Algunos de los usos del aprendizaje móvil en las empresas incluyen lo siguiente:

  • Gestión de la información. Personas con una carga grande de gestión de la información en su trabajo pueden trasladar parte de la misma a sus dispositivos móviles liberándose de estar sentados delante de un ordenador de sobremesa. Lo que implica lectura, selección y edición (hoy día también llamada “curación”) de la información es más trasladable, lo que implica creación de contenidos es menos trasladable ya que se hace más difícil en pantallas pequeñas y sin teclado.
  • Formación en el trabajo (“On the job training”) en forma de cursos, cuestionarios y listas de verificación accesibles desde dispositivos móviles, práctico tanto si el entorno de trabajo no incluye ordenadores de sobremesa (personal de tienda, almacén, transporte, cuidados personales, etc.) como si los incluye,
  • Formación justo a tiempo (“Just in time”) enfocada a resolver problemas concretos o actualizar un conocimiento por ejemplo mediante comunicación con un tutor remoto en el período de aclimatación a un puesto de trabajo.
  • Soporte continuo de desempeño mediante acceso inmediato a recursos y herramientas para mejorar procesos, por ejemplo acceso fácil, cómodo y rápido a la base de conocimiento de la empresa.

Conclusión

Los dispositivos móviles personales a menudo se asocian a distracción y pérdida de productividad en el trabajo llegando incluso a casos en que se prohíbe el uso de los mismos. Craso error. Las empresas inteligentes ven en ellos aliados para crear o fortalecer una cultura del aprendizaje en la empresa, una cultura en que las personas buscan consultar desde sus móviles la base de conocimiento de la empresa para verificar o mejorar un proceso, aprovechan los ratos libres para formarse leyendo o ejercitando una habilidad con ayuda de una aplicación o juego móvil y, en general, ven en su teléfono móvil, tablet y lector de libro electrónico herramientas para formarse y prevenir la obsolescencia profesional.
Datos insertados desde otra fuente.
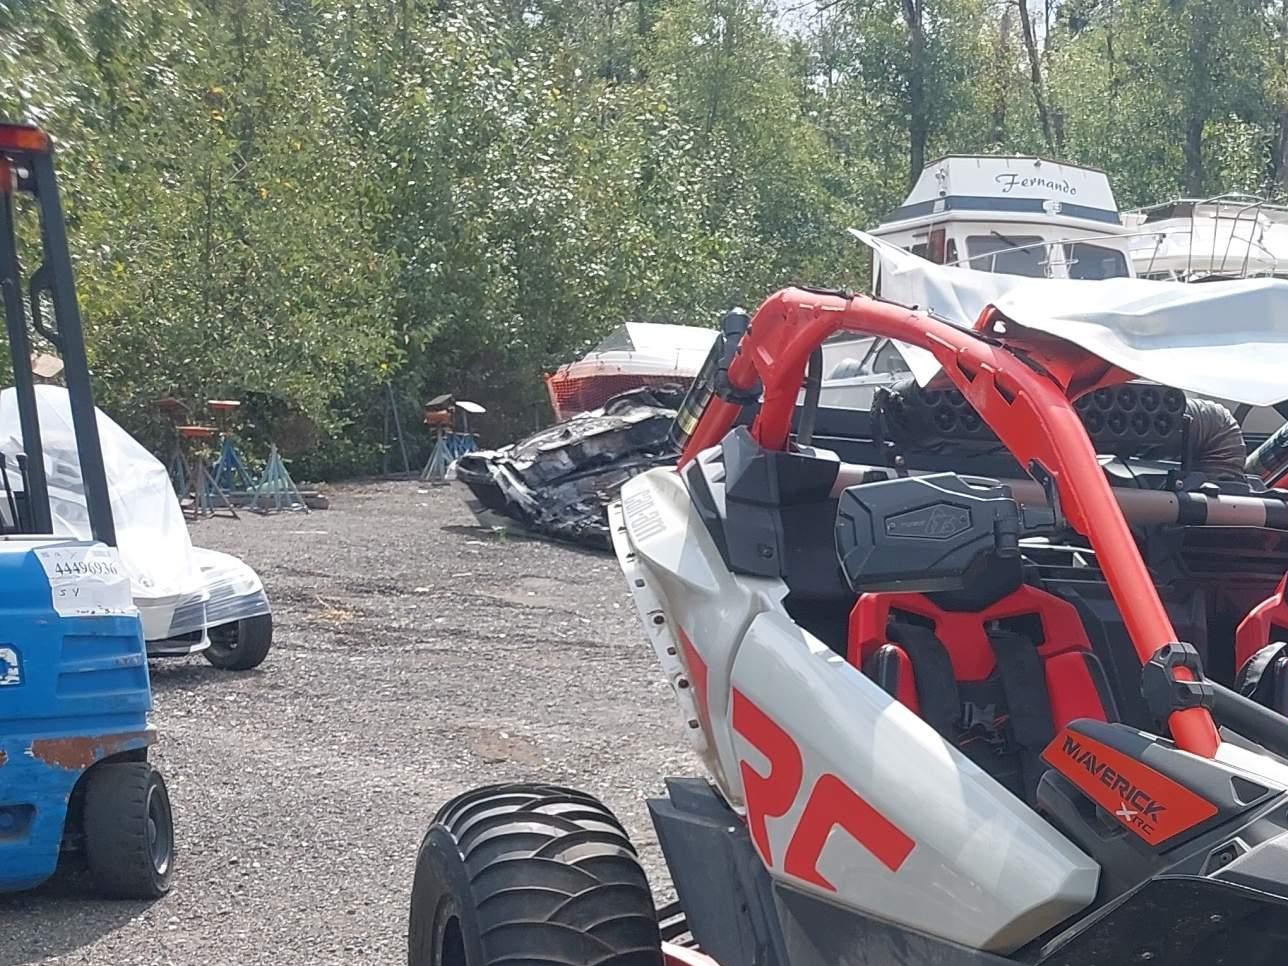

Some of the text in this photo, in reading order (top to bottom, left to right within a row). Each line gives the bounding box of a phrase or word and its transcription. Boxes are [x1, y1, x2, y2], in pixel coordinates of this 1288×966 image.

[994, 172, 1077, 196] Fernando
[55, 561, 118, 576] 44496936
[1062, 735, 1168, 824] MAVERICK
Imagen destacada: @Johan Larsson, distribuida con licencia Creative Commons BY-SA 2.0

1 comentario a esta entrada.
  1. Muy interesante el artículo, gracias por compartirlo. En efecto, si las empresas actuales crearan inicialmente su base de conocimiento (paso que muchas de ellas no lo han hecho), imaginemos el potencial para aprovecharlo a través de estos dispositivos móviles.